▶ _Assignment_:
Each entry in the listing below should be returned precisely as it is.

▶ _Data_:
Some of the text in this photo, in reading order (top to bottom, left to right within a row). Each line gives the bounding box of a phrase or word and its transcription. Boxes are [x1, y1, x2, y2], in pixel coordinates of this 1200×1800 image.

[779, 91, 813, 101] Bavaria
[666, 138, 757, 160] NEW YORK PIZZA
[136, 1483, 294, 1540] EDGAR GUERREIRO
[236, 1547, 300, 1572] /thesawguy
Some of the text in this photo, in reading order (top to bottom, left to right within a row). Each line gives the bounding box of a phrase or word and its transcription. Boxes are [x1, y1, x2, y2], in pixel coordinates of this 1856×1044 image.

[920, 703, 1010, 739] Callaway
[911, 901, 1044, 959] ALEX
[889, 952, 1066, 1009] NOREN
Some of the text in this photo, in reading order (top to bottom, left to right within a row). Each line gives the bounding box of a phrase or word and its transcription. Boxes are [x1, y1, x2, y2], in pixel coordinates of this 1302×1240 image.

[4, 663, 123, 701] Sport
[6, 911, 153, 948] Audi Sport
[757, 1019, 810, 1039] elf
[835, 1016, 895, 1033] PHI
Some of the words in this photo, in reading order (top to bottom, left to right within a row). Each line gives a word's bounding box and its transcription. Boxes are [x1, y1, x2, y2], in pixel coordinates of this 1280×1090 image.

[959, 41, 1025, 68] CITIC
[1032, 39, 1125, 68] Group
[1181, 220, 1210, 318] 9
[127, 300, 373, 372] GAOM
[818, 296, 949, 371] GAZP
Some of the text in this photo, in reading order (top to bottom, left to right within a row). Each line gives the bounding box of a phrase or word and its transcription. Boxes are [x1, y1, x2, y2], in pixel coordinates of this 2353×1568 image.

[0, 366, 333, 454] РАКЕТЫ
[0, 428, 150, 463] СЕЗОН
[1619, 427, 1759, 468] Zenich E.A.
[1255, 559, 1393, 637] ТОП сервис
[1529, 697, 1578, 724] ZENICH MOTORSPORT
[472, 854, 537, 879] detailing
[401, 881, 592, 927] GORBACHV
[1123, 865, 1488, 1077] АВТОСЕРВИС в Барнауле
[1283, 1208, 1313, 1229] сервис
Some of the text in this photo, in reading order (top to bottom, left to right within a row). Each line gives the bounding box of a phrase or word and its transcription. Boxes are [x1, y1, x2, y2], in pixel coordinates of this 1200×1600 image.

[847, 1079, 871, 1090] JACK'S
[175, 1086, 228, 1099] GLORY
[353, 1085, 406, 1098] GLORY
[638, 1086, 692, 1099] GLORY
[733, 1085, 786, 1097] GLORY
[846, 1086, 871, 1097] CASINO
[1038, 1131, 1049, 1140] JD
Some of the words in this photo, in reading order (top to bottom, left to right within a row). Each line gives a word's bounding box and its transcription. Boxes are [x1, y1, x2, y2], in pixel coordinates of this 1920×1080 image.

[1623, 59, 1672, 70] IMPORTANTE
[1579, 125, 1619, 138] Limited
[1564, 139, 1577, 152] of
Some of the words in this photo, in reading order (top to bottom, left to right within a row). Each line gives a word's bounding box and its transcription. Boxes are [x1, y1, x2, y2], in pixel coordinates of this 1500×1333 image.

▶ _Reply_:
Some of the text in this photo, in reading order (top to bottom, left to right within a row). Each line gives the bounding box of a phrase or word and its transcription. Boxes are [x1, y1, x2, y2], in pixel coordinates of this 1200×1800 image.

[779, 91, 813, 101] Bavaria
[666, 138, 757, 160] NEW YORK PIZZA
[136, 1483, 294, 1540] EDGAR GUERREIRO
[236, 1547, 300, 1572] /thesawguy
Some of the text in this photo, in reading order (top to bottom, left to right within a row). Each line gives the bounding box of a phrase or word and its transcription. Boxes are [x1, y1, x2, y2], in pixel coordinates of this 1856×1044 image.

[920, 703, 1010, 739] Callaway
[911, 901, 1044, 959] ALEX
[889, 952, 1066, 1009] NOREN
Some of the text in this photo, in reading order (top to bottom, left to right within a row). Each line gives the bounding box of a phrase or word and its transcription. Boxes are [x1, y1, x2, y2], in pixel coordinates of this 1302×1240 image.

[4, 663, 123, 701] Sport
[6, 911, 153, 948] Audi Sport
[757, 1019, 810, 1039] elf
[835, 1016, 895, 1033] PHI
Some of the words in this photo, in reading order (top to bottom, left to right within a row). Each line gives a word's bounding box and its transcription. Boxes are [x1, y1, x2, y2], in pixel coordinates of this 1280×1090 image.

[959, 41, 1025, 68] CITIC
[1032, 39, 1125, 68] Group
[1181, 220, 1210, 318] 9
[127, 300, 373, 372] GAOM
[818, 296, 949, 371] GAZP
Some of the text in this photo, in reading order (top to bottom, left to right within a row). Each line gives the bounding box of a phrase or word and its transcription. Boxes are [x1, y1, x2, y2], in pixel coordinates of this 2353×1568 image.

[0, 366, 333, 454] РАКЕТЫ
[0, 428, 150, 463] СЕЗОН
[1619, 427, 1759, 468] Zenich E.A.
[1255, 559, 1393, 637] ТОП сервис
[1529, 697, 1578, 724] ZENICH MOTORSPORT
[472, 854, 537, 879] detailing
[401, 881, 592, 927] GORBACHV
[1123, 865, 1488, 1077] АВТОСЕРВИС в Барнауле
[1283, 1208, 1313, 1229] сервис
Some of the text in this photo, in reading order (top to bottom, left to right within a row). Each line gives the bounding box of a phrase or word and its transcription. Boxes are [x1, y1, x2, y2], in pixel coordinates of this 1200×1600 image.

[847, 1079, 871, 1090] JACK'S
[175, 1086, 228, 1099] GLORY
[353, 1085, 406, 1098] GLORY
[638, 1086, 692, 1099] GLORY
[733, 1085, 786, 1097] GLORY
[846, 1086, 871, 1097] CASINO
[1038, 1131, 1049, 1140] JD
Some of the words in this photo, in reading order (top to bottom, left to right within a row). Each line gives a word's bounding box and its transcription. Boxes are [x1, y1, x2, y2], in pixel coordinates of this 1920×1080 image.

[1623, 59, 1672, 70] IMPORTANTE
[1579, 125, 1619, 138] Limited
[1564, 139, 1577, 152] of
Some of the words in this photo, in reading order (top to bottom, left to right within a row). Each line gives a word's bounding box and its transcription. Boxes are [x1, y1, x2, y2], in pixel coordinates of this 1500×1333 image.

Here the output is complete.